O dia em que o sol de primavera me fez chorar

Os rios voadores que inundavam as terras sudestes, a fertilizá-las, hoje foram substituídos pela fuligem que vem do Pantanal em chamas. Desesperançada com o hodierno presidente, a cronista lamenta o Brasil que vê pelas lentes dos cinegrafistas

Brigada de combate ao fogo em fazenda do Mato Grosso do Sul - Foto: Saul Schram

Todo ano, desde 1979, durante a ditadura militar, a perspectiva da chegada da primavera era comemorada com uma linda música composta por Beto Guedes e Ronaldo Bastos: “Sol de Primavera”.

Já havíamos chorado muito – dizia a canção. Que “muitos se perderam no caminho”, sabíamos todos os que lutavam por liberdade e justiça social. Mas “Sol de Primavera” era alento. Saudar novos tempos, cantando-a, era estímulo para continuar a caminhar, “crescer nossa voz, no que falta sonhar”.

Beto Guedes e Ronaldo Bastos, 35 anos da música Lumiar – Praça do Coreto em Lumiar (RJ) – 16/07/11 – Foto: Lívia Bastos

Hoje, o sol de primavera me fez chorar. Eu o vi, pela lente de um repórter cinegrafista sobre uma São Paulo tomada pela fuligem que viajou milhares de quilômetros, tangida pelos ventos, ventos que, em outras temporadas, nos traziam os “rios voadores” que se formavam na Amazônia e que desabavam sobre o Sudeste como uma “chuva boa, prazenteira, criadeira” que – nas belas palavras do maestro soberano – “molha a terra, que enche o rio, que lava o céu, que traz o azul!”.

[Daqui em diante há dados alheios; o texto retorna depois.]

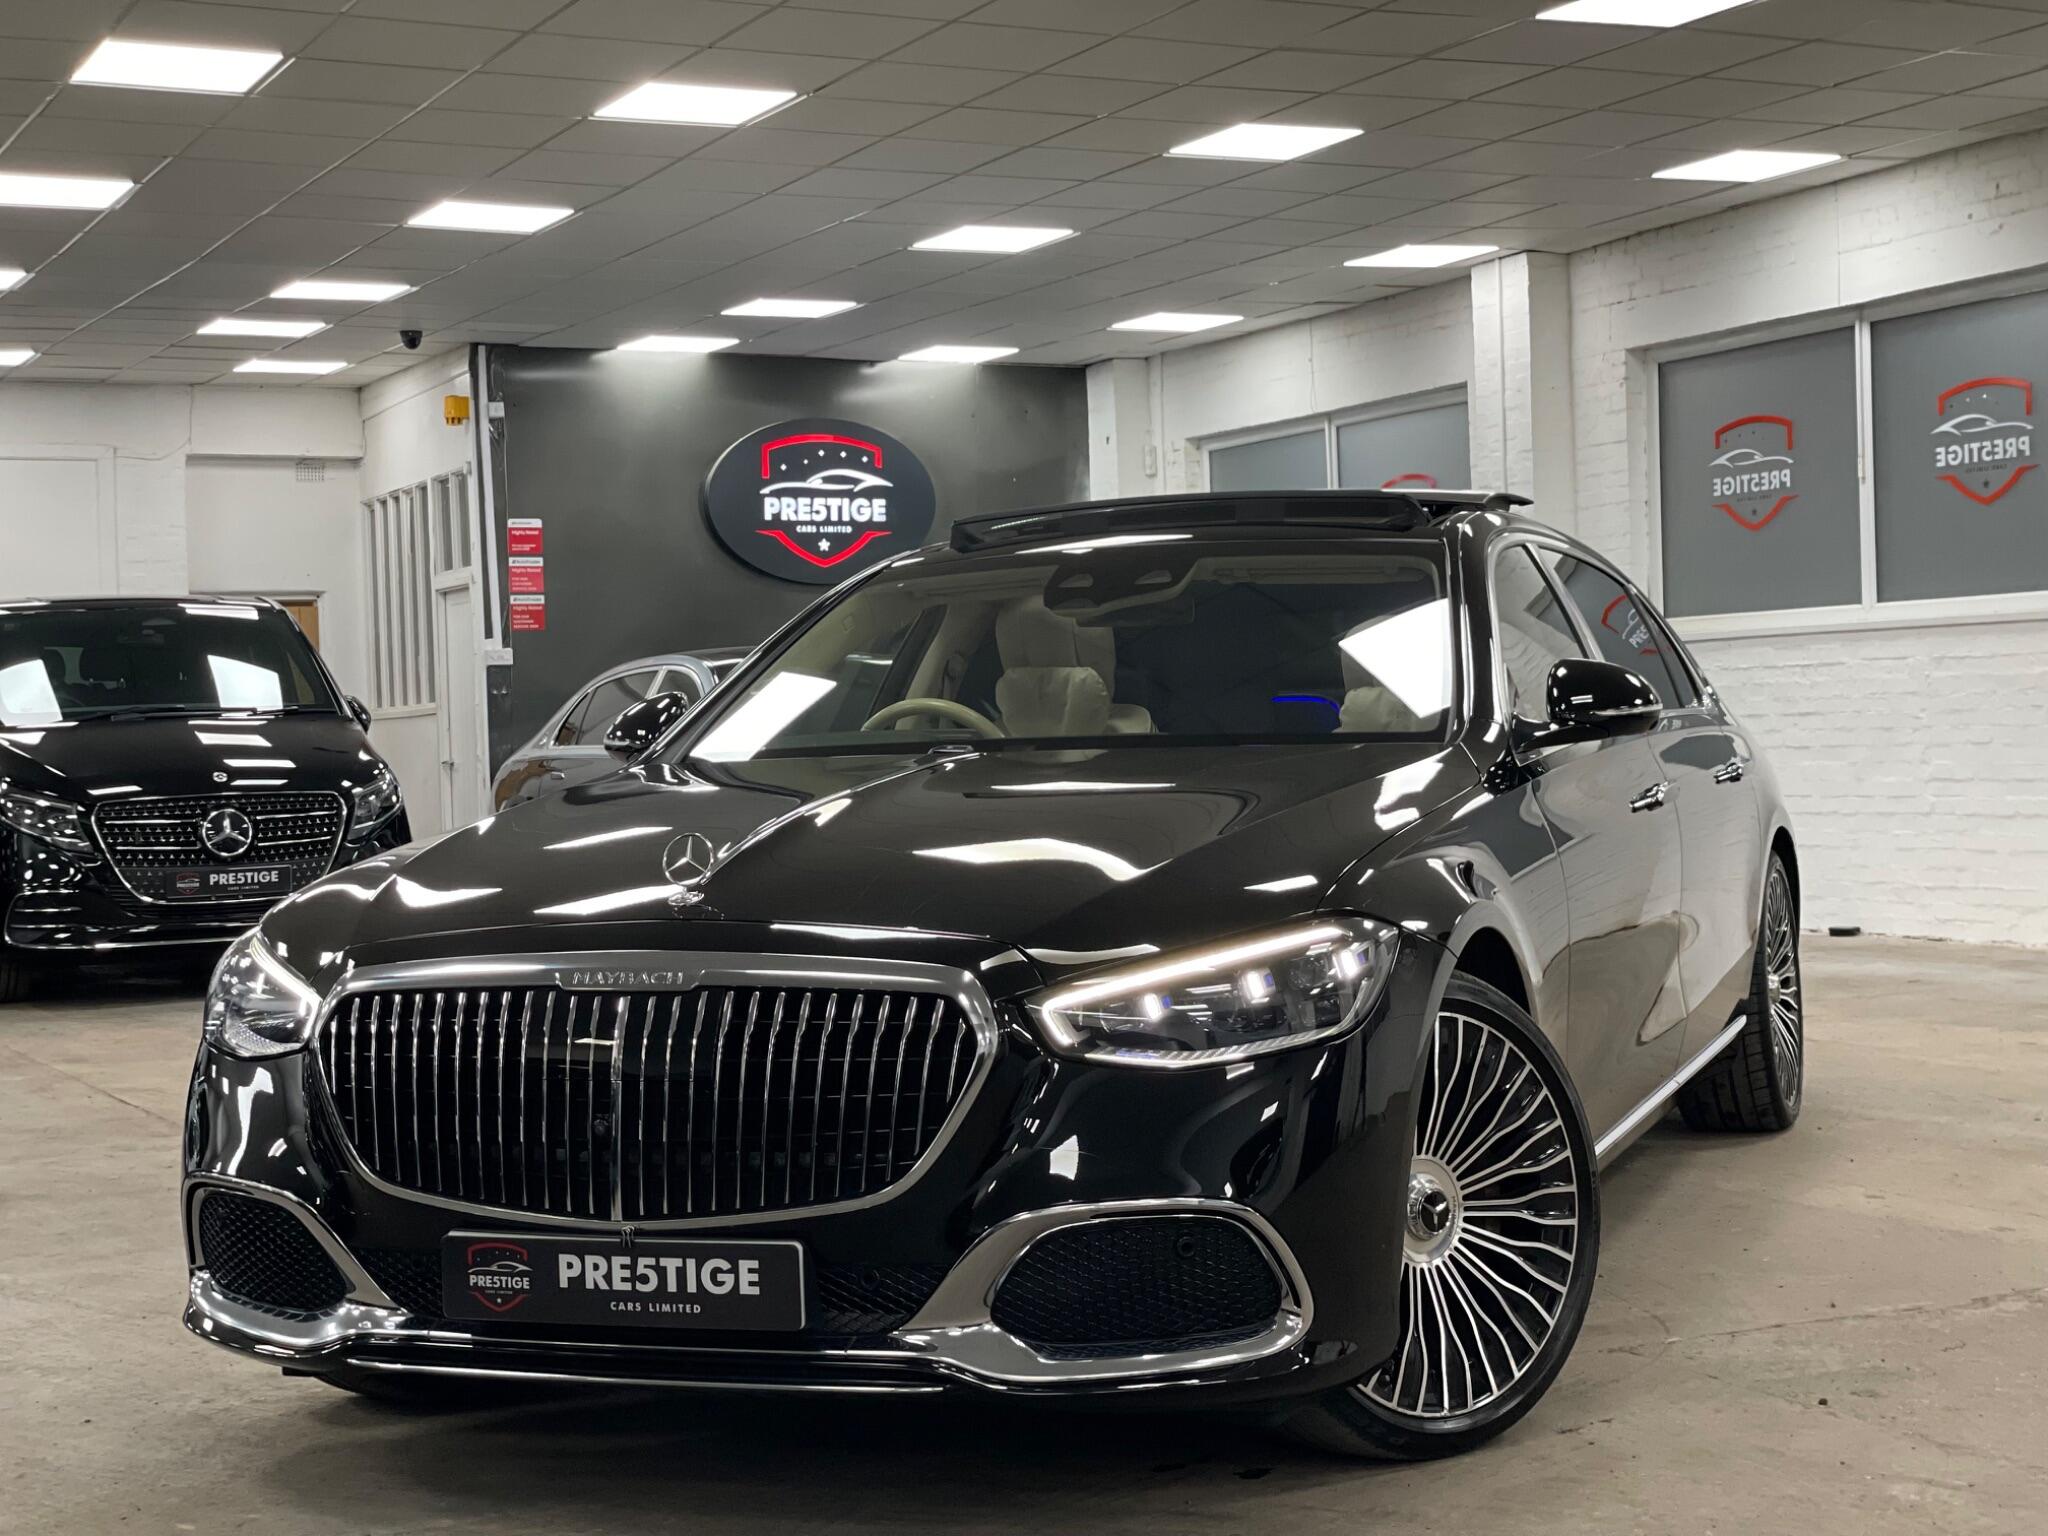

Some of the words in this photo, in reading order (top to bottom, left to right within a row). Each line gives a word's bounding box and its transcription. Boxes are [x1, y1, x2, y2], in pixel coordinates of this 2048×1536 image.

[796, 525, 817, 533] CARS
[819, 525, 852, 533] LIMITED
[572, 971, 684, 985] MAYBACH
[558, 1253, 761, 1296] PRE5TIGE
[610, 1301, 642, 1312] CARS
[648, 1302, 701, 1314] LIMITED
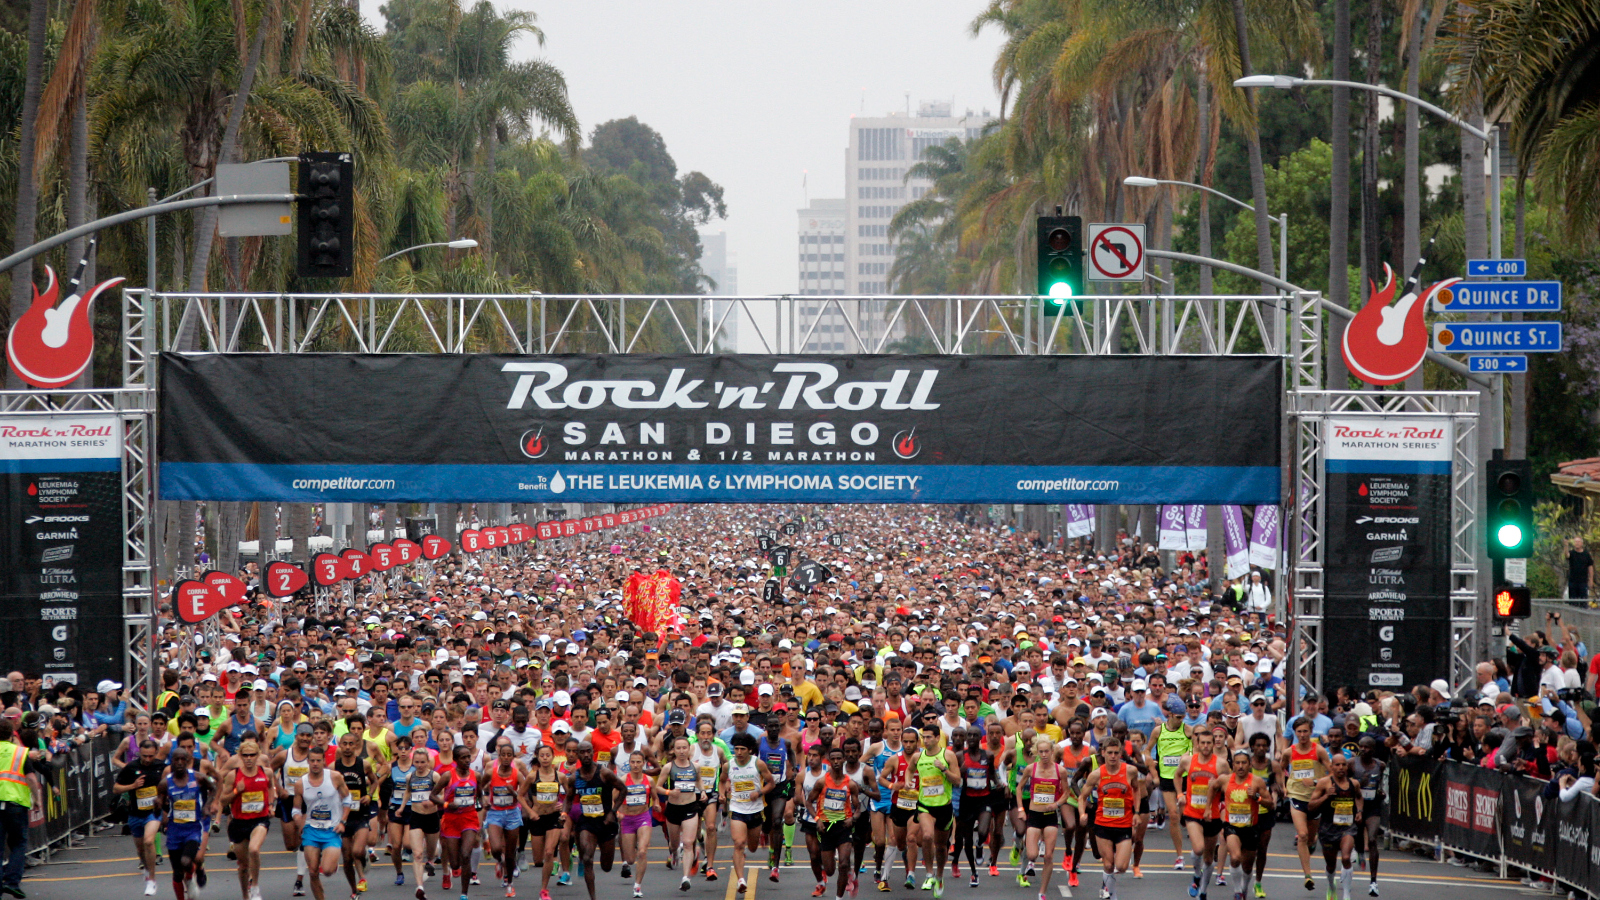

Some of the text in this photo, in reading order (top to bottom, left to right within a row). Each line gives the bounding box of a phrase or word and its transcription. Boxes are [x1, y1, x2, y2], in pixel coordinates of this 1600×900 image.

[1496, 262, 1518, 274] 600
[1478, 358, 1498, 370] 500
[562, 422, 880, 445] SAN DIEGO
[565, 448, 876, 461] MARATHON & 1/2 MARATHON
[292, 476, 396, 492] competitor.com
[567, 474, 919, 490] THE LEUKEMIA & LYMPHOMA SOCIETY
[1016, 478, 1119, 493] competitor.com
[566, 526, 574, 534] 15
[470, 538, 477, 548] 8
[488, 535, 495, 545] 9
[762, 541, 767, 549] 8
[401, 548, 409, 560] 6
[432, 544, 439, 555] 7
[381, 553, 389, 566] 5
[778, 556, 783, 565] 6
[326, 565, 335, 579] 3
[352, 560, 360, 573] 4
[40, 575, 76, 583] ULTRA
[806, 569, 816, 582] 2
[1369, 576, 1405, 584] ULTRA
[280, 574, 290, 590] 2
[40, 592, 78, 600] ARROWHEAD
[766, 588, 771, 600] 3
[1368, 592, 1406, 600] ARROWHEAD
[192, 595, 205, 615] E
[41, 608, 76, 616] SPORTS
[1369, 608, 1404, 616] SPORTS
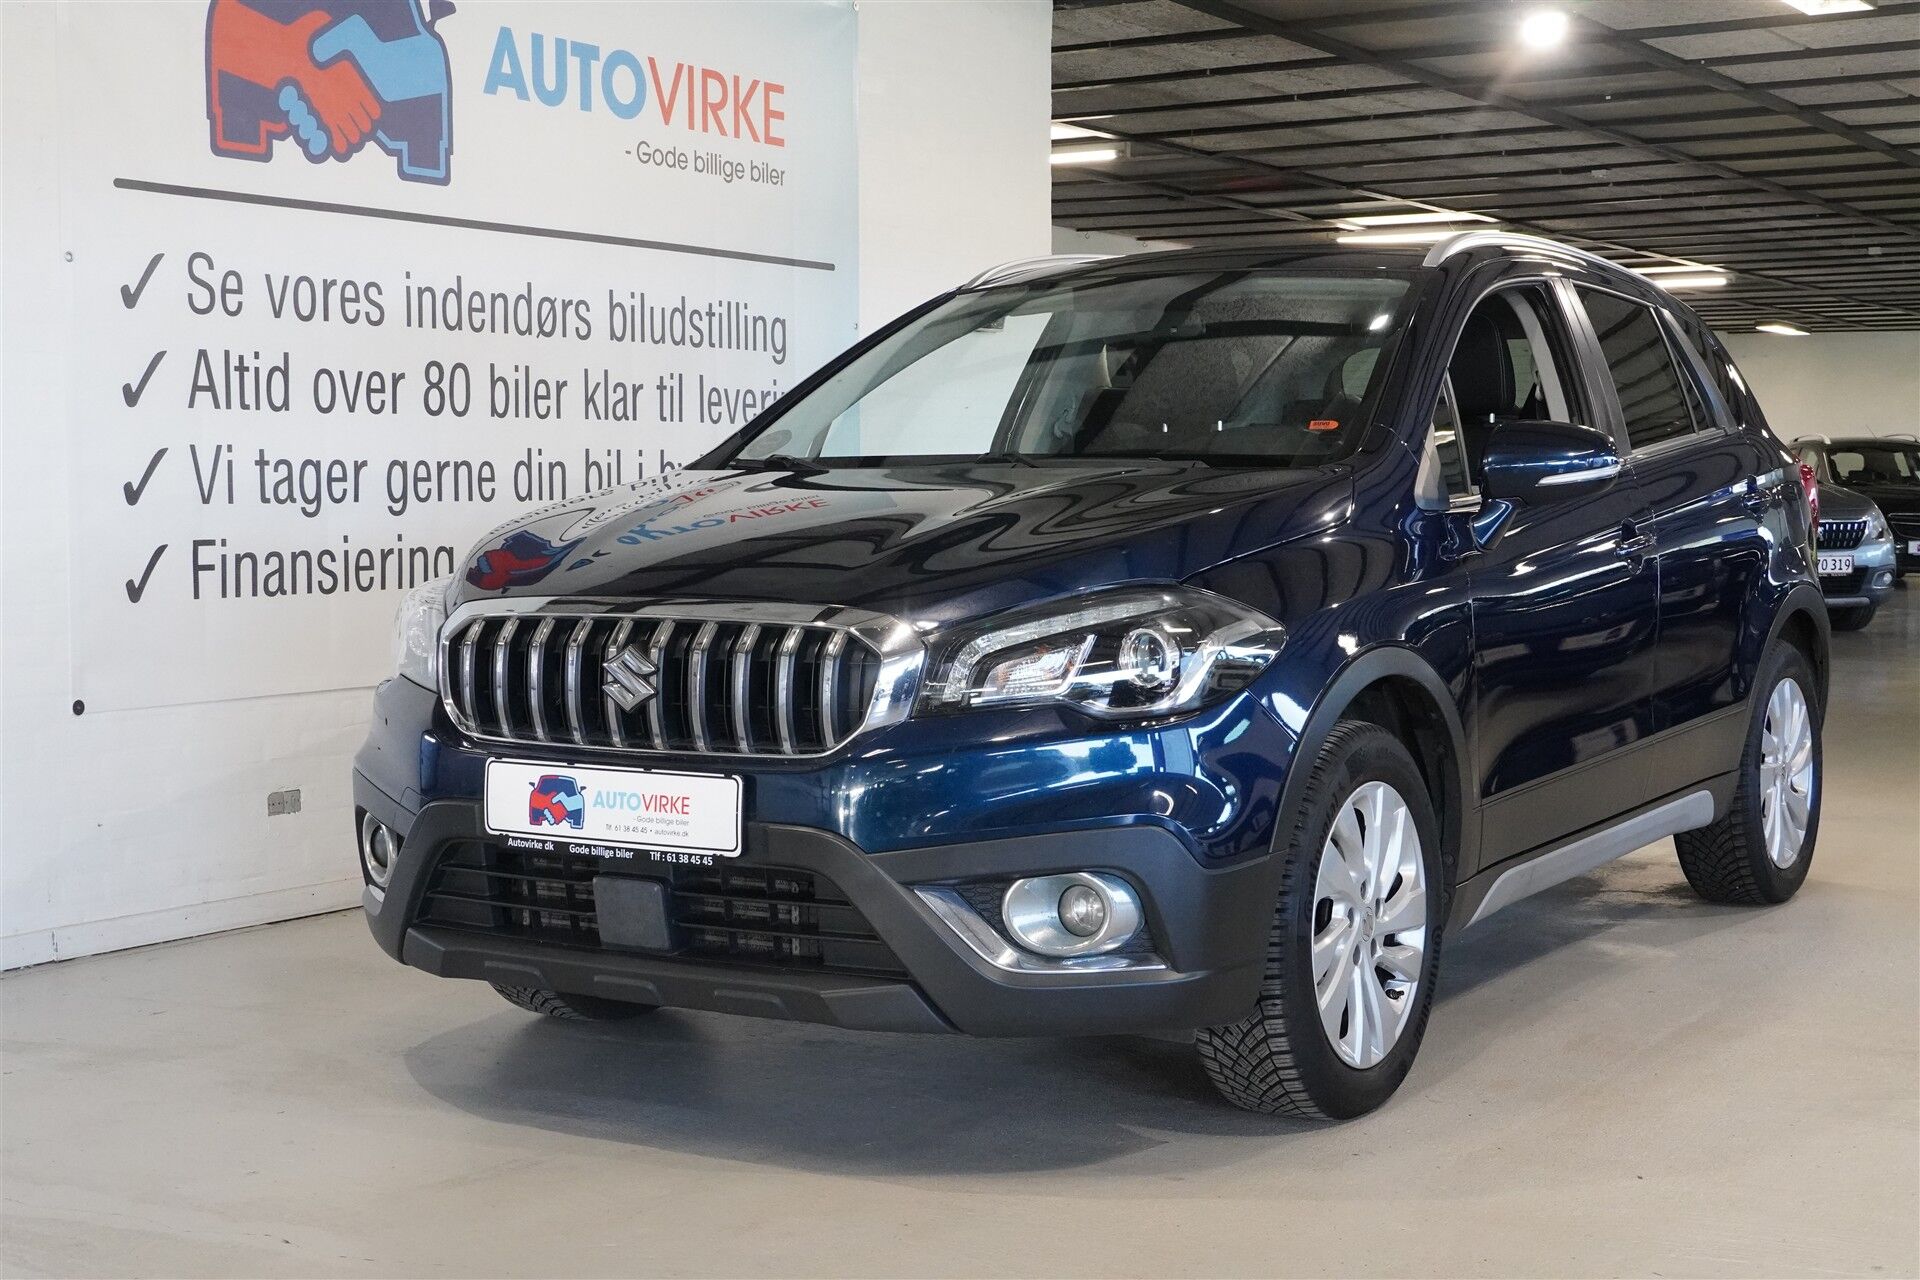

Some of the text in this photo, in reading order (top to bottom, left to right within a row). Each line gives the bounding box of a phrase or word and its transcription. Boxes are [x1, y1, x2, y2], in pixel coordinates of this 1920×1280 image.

Já o astro soberano, na chegada da primavera, como me mostrou o cinegrafista, este estava avermelhado sobre um país em chamas. Estivesse eu em Sampa, talvez pudesse vê-lo a olho nu. Não sei se poderia admirá-lo. Estava esmaecido, muito antes da hora de se pôr. E era como estivesse a nos dizer que não era responsável por aquele circo de horrores no Pantanal: jacarés calcinados, onças pintadas em fuga, araras azuis sem ter para aonde ir, tamanduás com patas dilaceradas. Era como se também ele chorasse por ver o rio Paraguai com uma lâmina d’água de apenas cinquenta e seis centímetros, na altura de Corumbá.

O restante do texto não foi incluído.